More fine investigative reporting from the Media Research Council:



Short, dismissive shrift to Cheney. CNN’s NewsNight, which two weeks ago relayed a false Internet story about how a CIA “consultant directly told the President that this African uranium deal was bogus,” a fraudulent tale the show has yet to correct, on Thursday night skipped Vice President Cheney’s address about how the pre-war National Intelligence Estimate warned that “if left unchecked, it [Iraq] probably will have a nuclear weapon during this decade.” But anchor Anderson Cooper did make time for a look at how Times Square now has a Red Lobster restaurant.


ABC, CBS and NBC all reported on Cheney’s July 24 address to a group at the American Enterprise Institute in which he outlined how the consensus of the intelligence community was that Iraq had chemical and biological weapons, but all three denigrated and dismissed Cheney’s assessment of the late 2002 intelligence report.


CBS’s John Roberts, for instance, gave Cheney a sentence before contending that “Cheney avoided other intelligence in that same paper, the now discredited reference to Iraq’s desires for uranium.” Roberts added that former CIA Director John Deutch “said the entire case about Iraq’s weapons is beginning to look like a ‘massive intelligence failure.'”

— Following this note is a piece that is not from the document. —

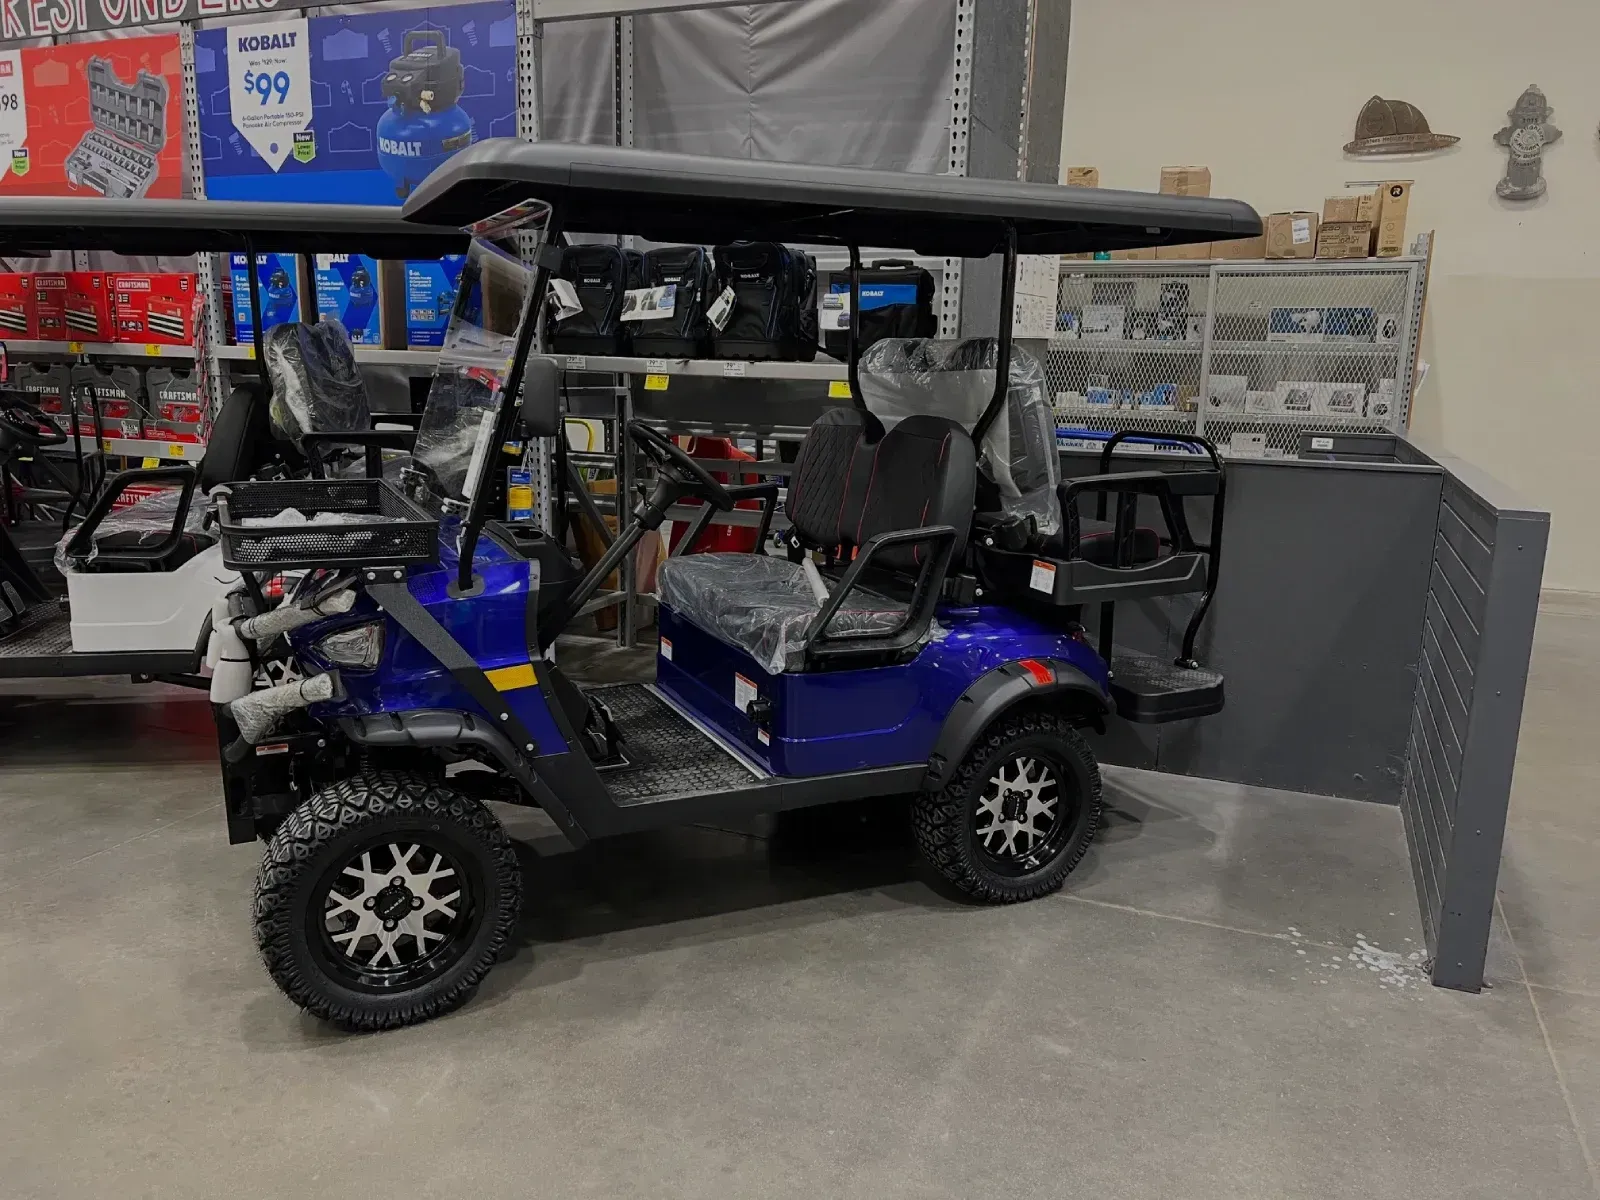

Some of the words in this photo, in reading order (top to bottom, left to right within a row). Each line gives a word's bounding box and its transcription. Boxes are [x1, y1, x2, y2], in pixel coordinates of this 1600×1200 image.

Over on the NBC Nightly News, David Gregory scolded the Vice President: “But Cheney failed to mention doubts within the intelligence community about” claims Iraq was pursuing nuclear weapons, noting how the State Department “dissented.” But, Gregory did not note, that dissent only appeared in an appendix.


ABC’s Peter Jennings didn’t even give Cheney a syllable of a soundbite, holding World News Tonight coverage to this short item in which Jennings undermined Cheney’s credibility by highlighting how he “has been accused” of “pressuring agencies to come up with information that would justify an attack on Iraq.” …


…NewsNight has yet to correct regular anchor Aaron Brown’s picking up of a rumor on July 9. He asked reporter David Ensor to comment on “a story that’s been circulating on the Web today that there was at some point a conversation between the President and a CIA consultant where the consultant directly told the President that this African uranium deal was bogus.” Brown’s raising of such an uncorroborated story befuddled Ensor, who speaking slowly as he fumbled for words, told Brown: “I have no way to confirm that story and it is somewhat suspect I would say…”


Brown didn’t cite his source, but he was quoting from a posting on CapitolHillBlue.com. But they, it turns out, retracted their one-source story at about 6pm EDT, four hours before Brown went on the air. CapitolHillBlue.com Publisher Doug Thompson discovered that his source, one Terrance Wilkinson, who identified himself as a CIA and FBI consultant, was a fraud.